Beautifully designed and very useful. I hope this is a big success! What's your background, how did you start this site?

  • iamdannOP 12 years ago

    My co-founder and I actually met at a hackathon a few years ago and worked on an early version of the site. It's very exciting to finally launch!

    My co-founder Andrew is a lawyer-turned-developer. I'm a former tech journalist (Laptop Mag, The Verge).

    • sixQuarks 12 years ago

      Who did the design? Also, a little usability tip: When a user clicks on "Price" to sort, I think most users expect to see the lowest price first. You have it sorted by highest price first. I would reverse that.

      Also, I noticed the lowest price hotels often don't have a great score (around 60-70). Do you only list hotels that hit a certain score threshold (meaning, as a user, can I trust that no matter what hotel shows up in your listings, it means I can expect a good stay?) - or do I still need to be wary of the scores and avoid ones with low points?

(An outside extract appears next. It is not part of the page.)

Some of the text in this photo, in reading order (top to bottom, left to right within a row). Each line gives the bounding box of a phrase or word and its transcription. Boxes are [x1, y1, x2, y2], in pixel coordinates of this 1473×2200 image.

      • iamdannOP 12 years ago

        Our designer was someone that my co-founder had worked with before. And thanks for the tip about price sorting.

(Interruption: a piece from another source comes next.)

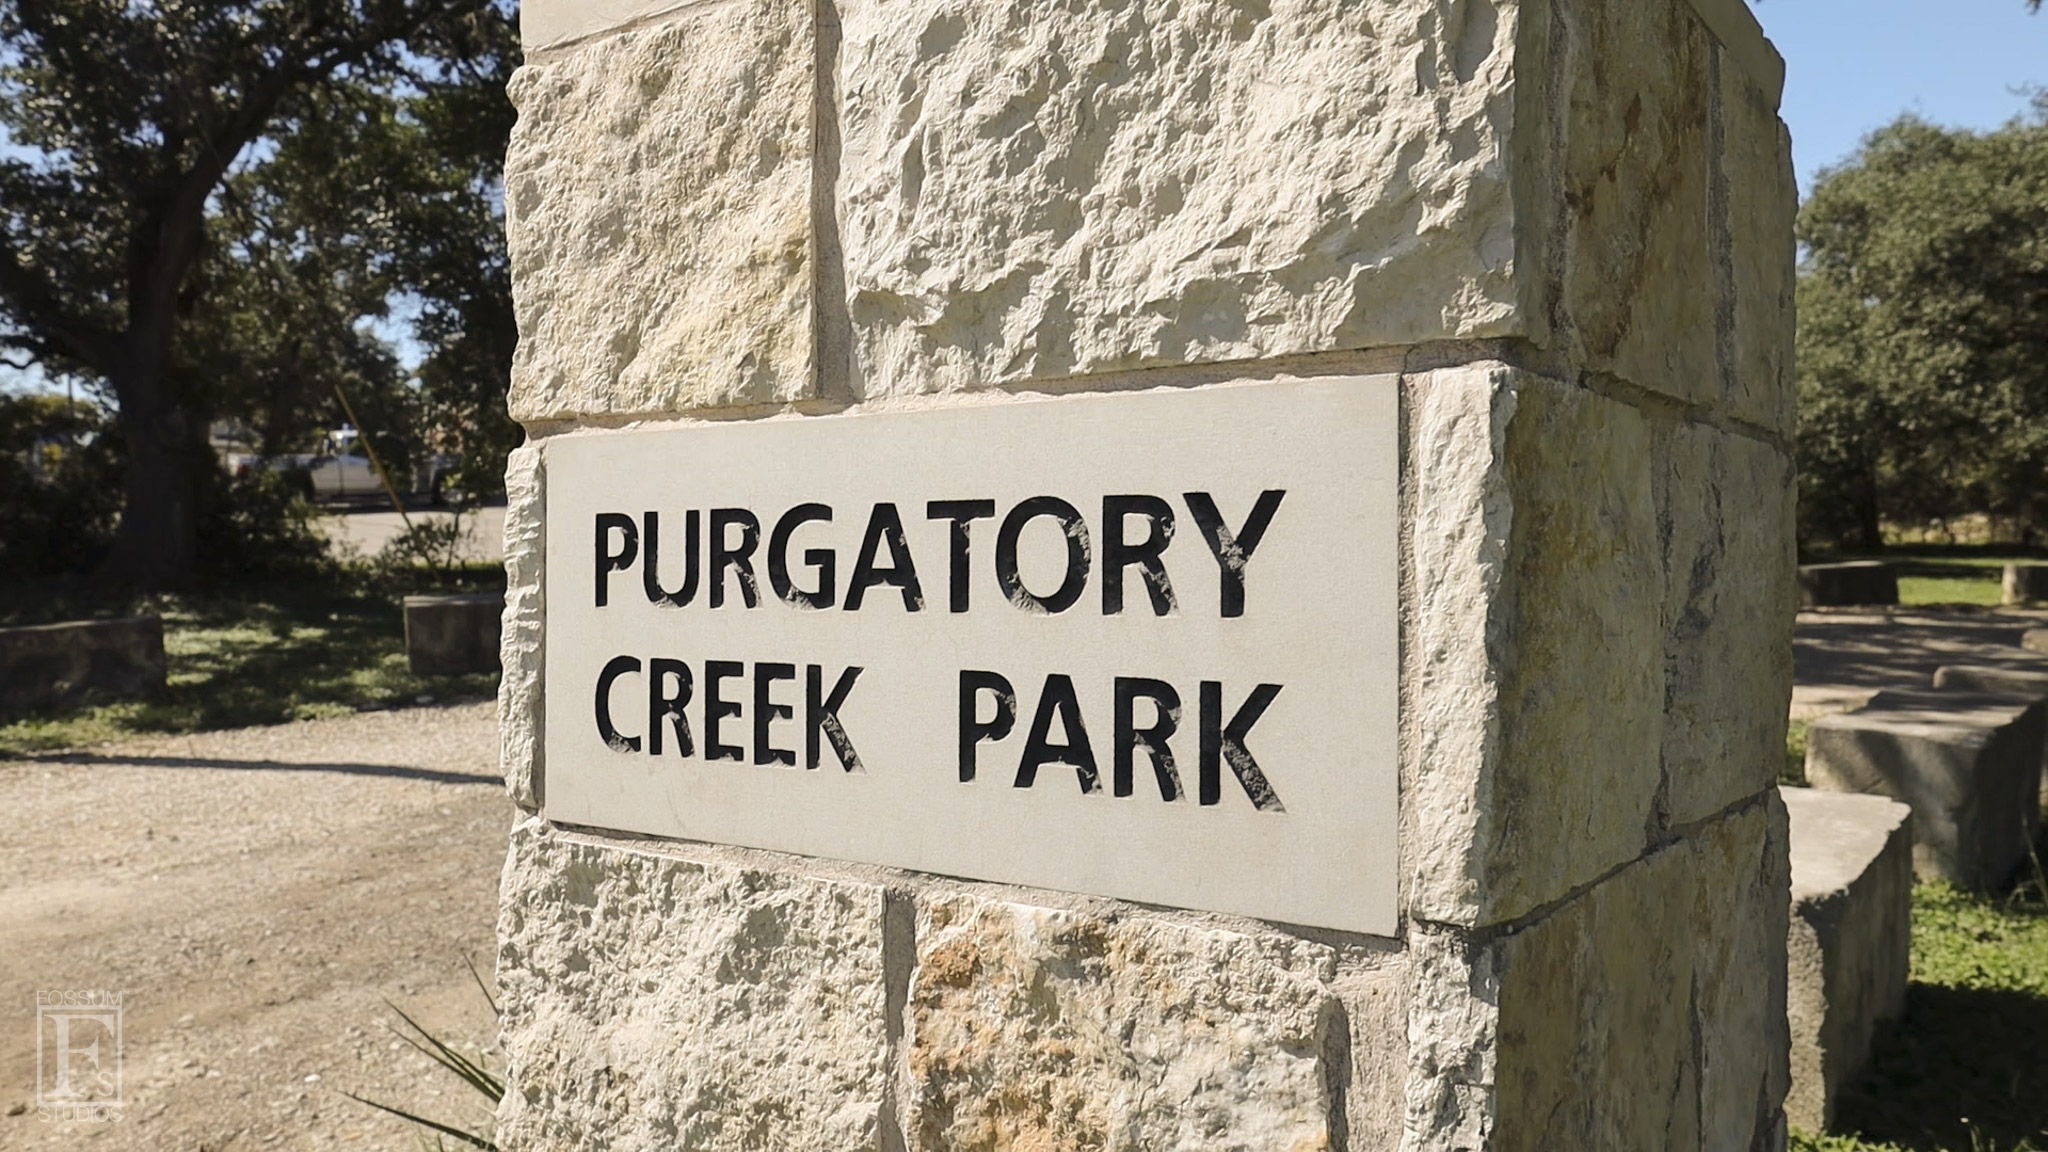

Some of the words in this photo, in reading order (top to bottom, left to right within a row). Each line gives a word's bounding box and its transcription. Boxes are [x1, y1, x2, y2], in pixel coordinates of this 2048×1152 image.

[595, 489, 1287, 618] PURGATORY
[595, 655, 865, 773] CREEK
[958, 669, 1285, 811] PARK

        We don't list any hotels with a score lower than 60, which means every hotel is a quality hotel.

dmachop 12 years ago

Looks good.

   "Not every place in the world is on TripExpert... yet. We currently feature over 500 destinations, from major cities to Caribbean beach towns, and we’re adding more all the time." 
Isn't 500 too less?
jasonlbaptiste 12 years ago

this is very nice. im literally in the middle of booking a few weeks in greece with my girlfriend. trying to figure out the hotels on the different islands is a pain in the ass. will give you more feedback after using it a bit more.

aluhut 12 years ago

It looks good. My suggestion for the "Explore"-Page would be a map or at least a way to sort alphabeticly. I guess the list is now sorted by the ammount of recommended hotels.

phibs 12 years ago

Have you considered a 'hint' feature where people can kind of recommend hotels that are not yet in your database and could be considered personal tips?

hoopism 12 years ago

"Finally, hotel reviews you can trust."

I thought the beauty of TripADvisor and the like is that it does away with the old travel guides. Guides are written by people with even more questionable motive and are quickly outdated. Not sure how many times I have been saved from bad experience by reading a recent reviews saying "BEWARE Hotel is under construction for next month..." or something current like that.

Maybe there value in both... not for me.

rememberlenny 12 years ago

I like the irony of AirBnB styling for the hotel industry.